Predication and Control Flow
Conditional constructs such as if and else statements in Cg are supported in CTM instructions via predication. There is one predicate bit per vector lane that can be set using the boolean result from one of many comparison operations (e.g., >, , , ). Subsequent ALU instructions can then impose a write mask conditional on the values of these bits. More complex control flow constructs such as for loops and subroutines are supported via a control flow instructions that provide control of hardware-level call/return stacks, and branch and loop-depth hierarchies; space limitations prevent us from fully-explaining control flow instructions here, hence we refer the reader to the CTM specification [23] for further details.

Similar to input buffers, the base addresses and widths of the output buffers are preconfigured by the CTM driver in advance (in the registers o0–o3). When a shader program instance completes, the contents of the output registers are written to the appropriate output buffers in memory: the contents of the output registers are packaged into an HT write request packet, using an address derived from one of the output buffer base addresses and the original input coordinates (from the coordinate generator). Write requests are posted, meaning that there is no response packet and hence no limit on the maximum number of outstanding writes.
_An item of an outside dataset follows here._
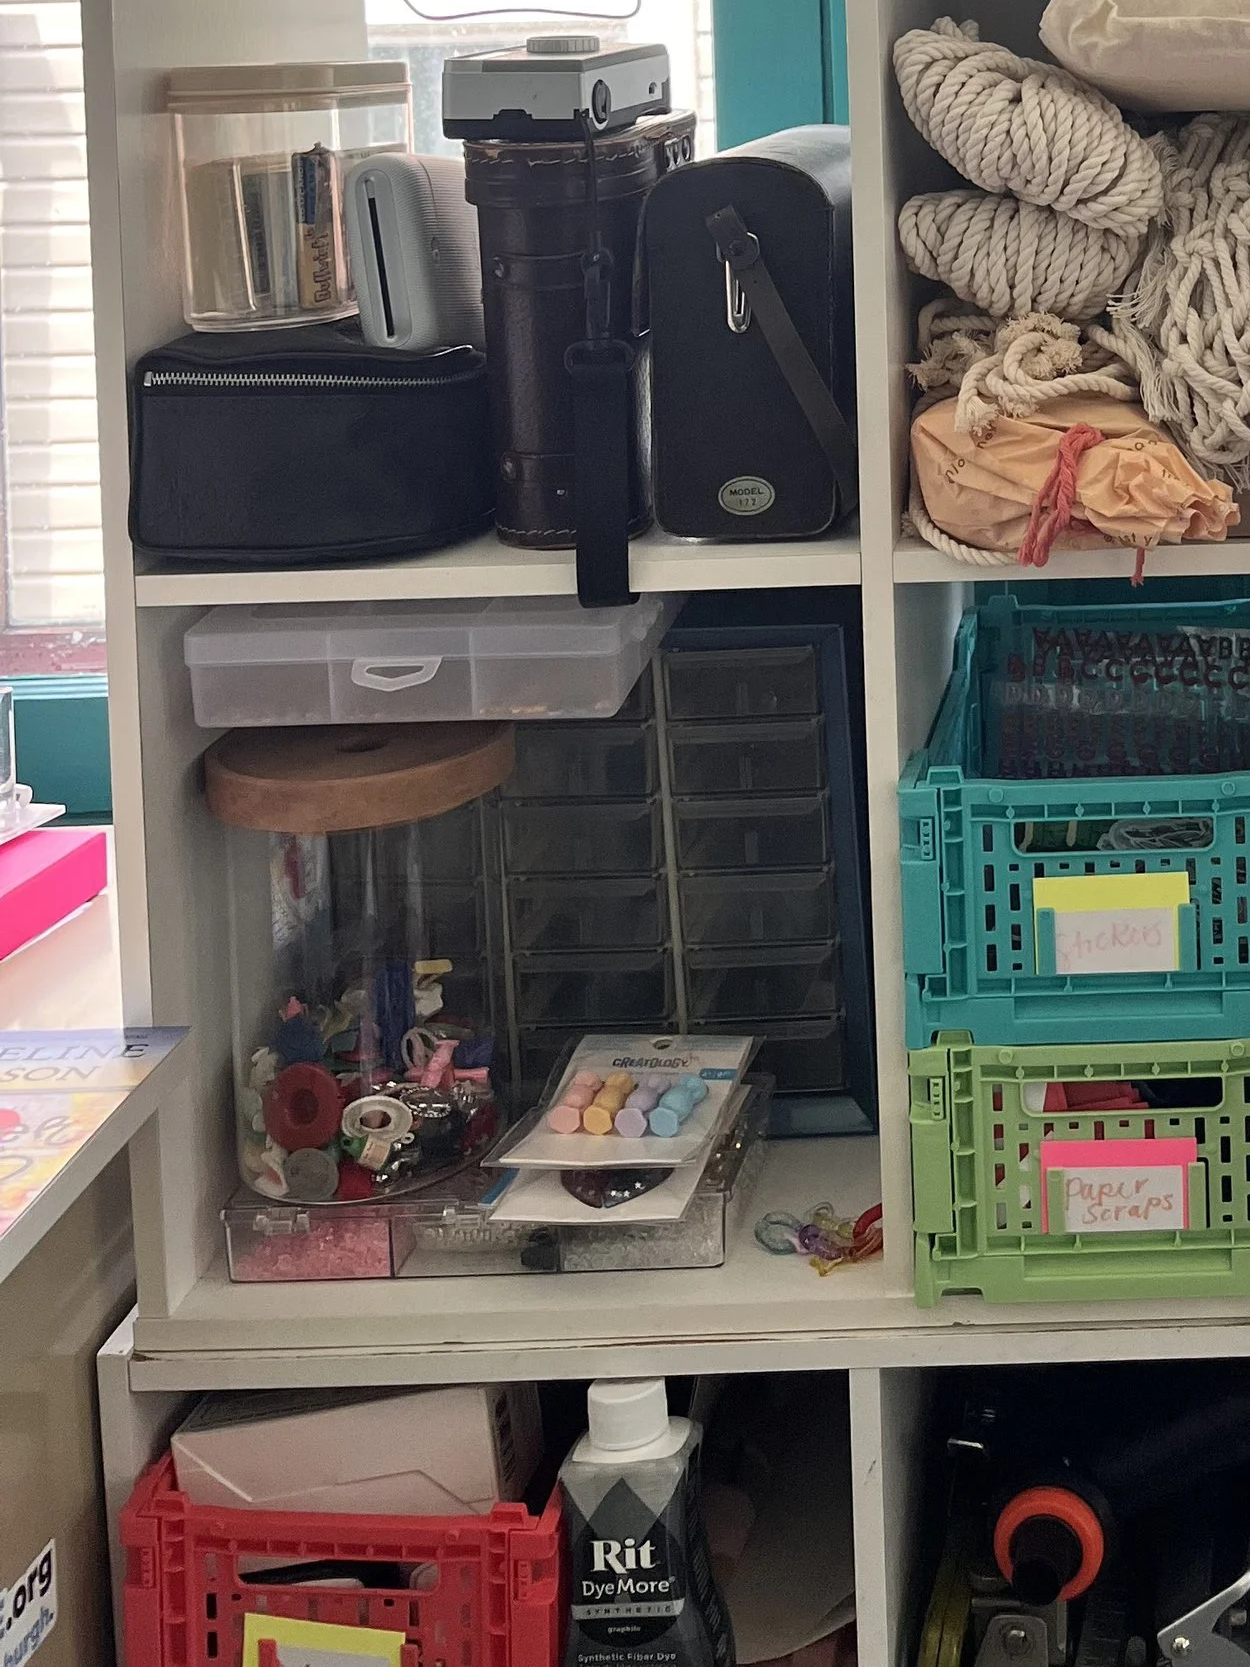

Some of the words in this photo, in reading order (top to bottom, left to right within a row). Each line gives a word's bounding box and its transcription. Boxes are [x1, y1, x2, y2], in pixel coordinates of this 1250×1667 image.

4.2. Tolerating Limited Memory Ports

In Figure 4 we observe that there are a large number of ports feeding into and out of the central register file (which holds r0–r127). One of the biggest challenges in high-performance soft processor design is the design of the register file: it must tolerate the port limitations of FPGA block memories that are normally limited to only two ports. To fully pipeline the ALU and TEX datapaths, the central register file for our GPU-inspired accelerator requires four read and three write ports. If we attempted a design that reads all of the ALU and TEX source operands (four of them) of a single thread in a single cycle, we would be required to have replicated copies of the register file across multiple block memories to have enough ports. However, this solution does not provide more than one write port, since each replicant would have to use one port for reading operands and the other port for broadcast-writing the latest destination register value (i.e., being kept up-to-date with one write every cycle).

We solve this problem by exploiting the fact that all threads are executing different instances of the same shader program: all threads will execute the exact same sequence of instructions, since even control flow is equalized across threads via predication. This symmetry across threads allows us to group threads into batches and execute the instructions of batched threads in lock-step. This lock-step execution in turn allows us to transpose the access of registers to alleviate the ports problem.

Rather than attempting to read all operands of a thread each cycle, we instead read a single operand across many threads per cycle from a given block memory and do this across separate block memories for each component of the vector register. Table 1 illustrates how we schedule register file accesses in this way for batches of four threads each that are decoding only ALU instructions (for simplicity). Since there are three operands to read for ALU instructions this adds a three-cycle decode latency for such instructions. However, in the steady-state we can sustain our goal of the execution of one ALU instruction per cycle, hence this latency is tolerable. This schedule also leaves room for another read of an operand across threads in a batch. Ideally we would be able to issue the register file read for a TEX instruction during this slot, which would allow us to fully utilize the central register file, ALU datapath and TEX datapath: every fourth cycle we would read operands for a batch of four threads for a TEX instruction, then be able to issue a TEX instruction for each of those threads over the next four cycles. We give the name transpose to this technique of scheduling register accesses.

Table 1: The schedule of operand reads from the central register file for batches of four threads (T0–T3, T4–T7, etc.) decoding only ALU instructions. An ALU instruction has up to three vector operands (A, B, C) which are read across threads in a batch over three cycles. In the steady state this schedule can sustain the issue of one ALU instruction from every cycle.

This transposed register file design also eases the implementation of write ports. In fact, the schedule in Table 1 uses only one read port per block memory, leaving the other port free for writes. From the table we see that ALU instructions will generate at most one register write across threads in a batch every four cycles. There are two other events which result in a write to the central register file: (i) a TEX instruction completes, meaning that the result has returned from memory and must be written-back to the appropriate destination register; (ii) a shader program instance completes for a batch of threads and a new batch is configured, so that the input coordinates must be set for that new batch (register r0). These two types of register write are performed immediately if the write port is free, otherwise they are queued until a subsequent cycle.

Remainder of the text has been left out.